Y así comenzó una batalla judicial de más de cincuenta millones de dólares destinada no solo a buscar responsabilidades por una presunta negligencia médica, sino también a intentar asegurar los enormes recursos económicos necesarios para sostener durante años el tratamiento permanente que Prichard necesitó hasta el final de su vida.

La demanda fue presentada en mayo de 2017 ante el Tribunal Superior del Distrito de Columbia. Según la información disponible públicamente, el proceso señalaba presuntas fallas médicas y cuestionaba los protocolos aplicados tras el combate.

Hasta donde ha trascendido oficialmente, el estado definitivo del litigio no ha sido aclarado públicamente. Esa falta de información alimentó nuevas especulaciones entre seguidores del caso, aunque no existen confirmaciones que permitan sostener conclusiones distintas a las conocidas.

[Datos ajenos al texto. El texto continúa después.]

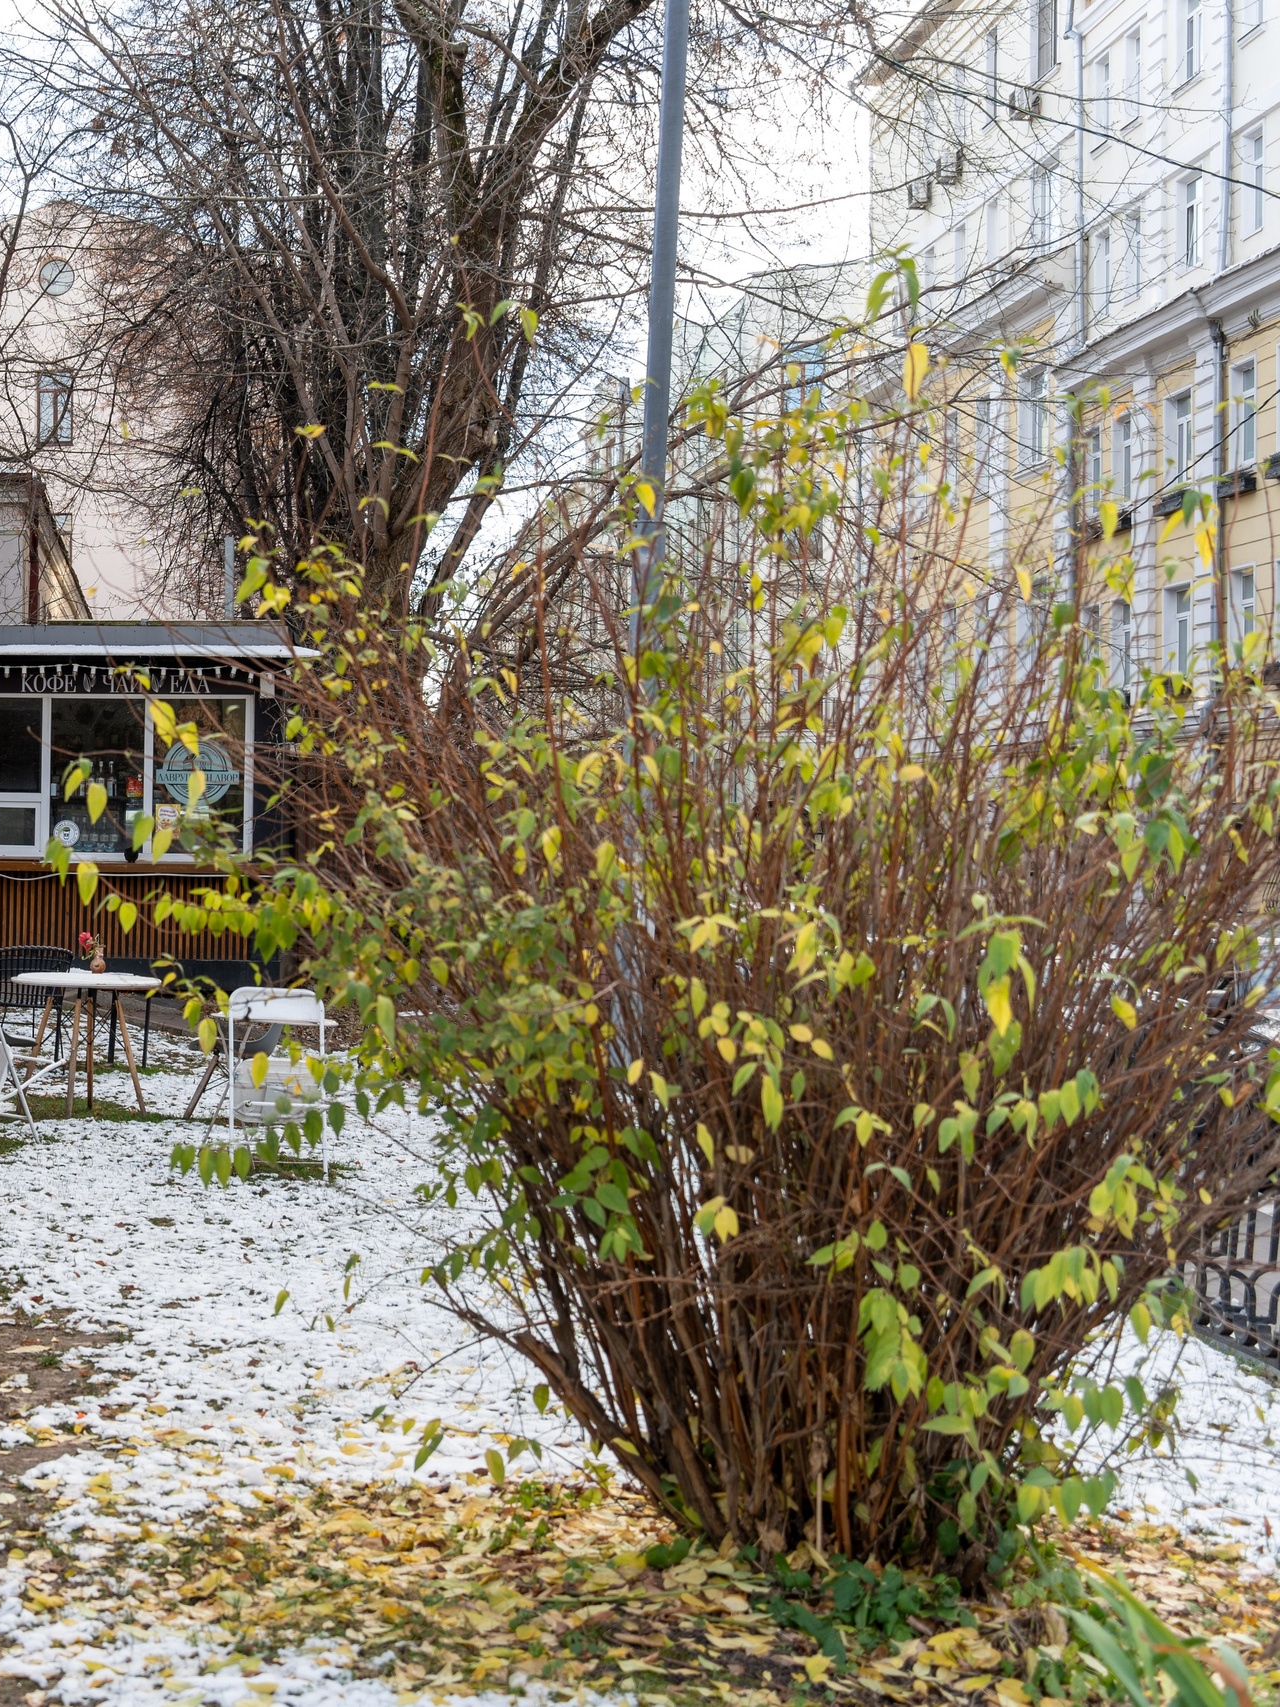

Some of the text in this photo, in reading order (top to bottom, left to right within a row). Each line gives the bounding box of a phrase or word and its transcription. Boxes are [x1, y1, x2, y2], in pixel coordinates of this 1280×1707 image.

Con el fallecimiento de Prichard Colón, muchas personas esperaban que aparecieran nuevas respuestas. Sin embargo, para numerosos aficionados la sensación es exactamente la contraria: el paso del tiempo solo volvió más visibles las preguntas que permanecen abiertas.

Quizá por eso esta historia sigue despertando tanto interés. Porque más allá de una pelea, de un expediente judicial o de una resolución administrativa, todavía existe la impresión de que algunos capítulos nunca terminaron de contarse por completo.